#### [Instructions to follow]
When you reach the entries below, transcribe each line word for word.

#### [Phrase grounding data]
====

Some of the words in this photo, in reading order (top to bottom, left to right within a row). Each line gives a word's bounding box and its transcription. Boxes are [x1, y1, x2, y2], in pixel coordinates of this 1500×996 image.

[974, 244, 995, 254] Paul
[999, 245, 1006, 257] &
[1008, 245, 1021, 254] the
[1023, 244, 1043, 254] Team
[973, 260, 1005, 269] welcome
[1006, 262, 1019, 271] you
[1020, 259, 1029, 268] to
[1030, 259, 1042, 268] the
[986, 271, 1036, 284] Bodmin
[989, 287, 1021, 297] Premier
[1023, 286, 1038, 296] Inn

====

#### [Expected output]
Some of the words in this photo, in reading order (top to bottom, left to right within a row). Each line gives a word's bounding box and its transcription. Boxes are [x1, y1, x2, y2], in pixel coordinates of this 1500×996 image.

[974, 244, 995, 254] Paul
[999, 245, 1006, 257] &
[1008, 245, 1021, 254] the
[1023, 244, 1043, 254] Team
[973, 260, 1005, 269] welcome
[1006, 262, 1019, 271] you
[1020, 259, 1029, 268] to
[1030, 259, 1042, 268] the
[986, 271, 1036, 284] Bodmin
[989, 287, 1021, 297] Premier
[1023, 286, 1038, 296] Inn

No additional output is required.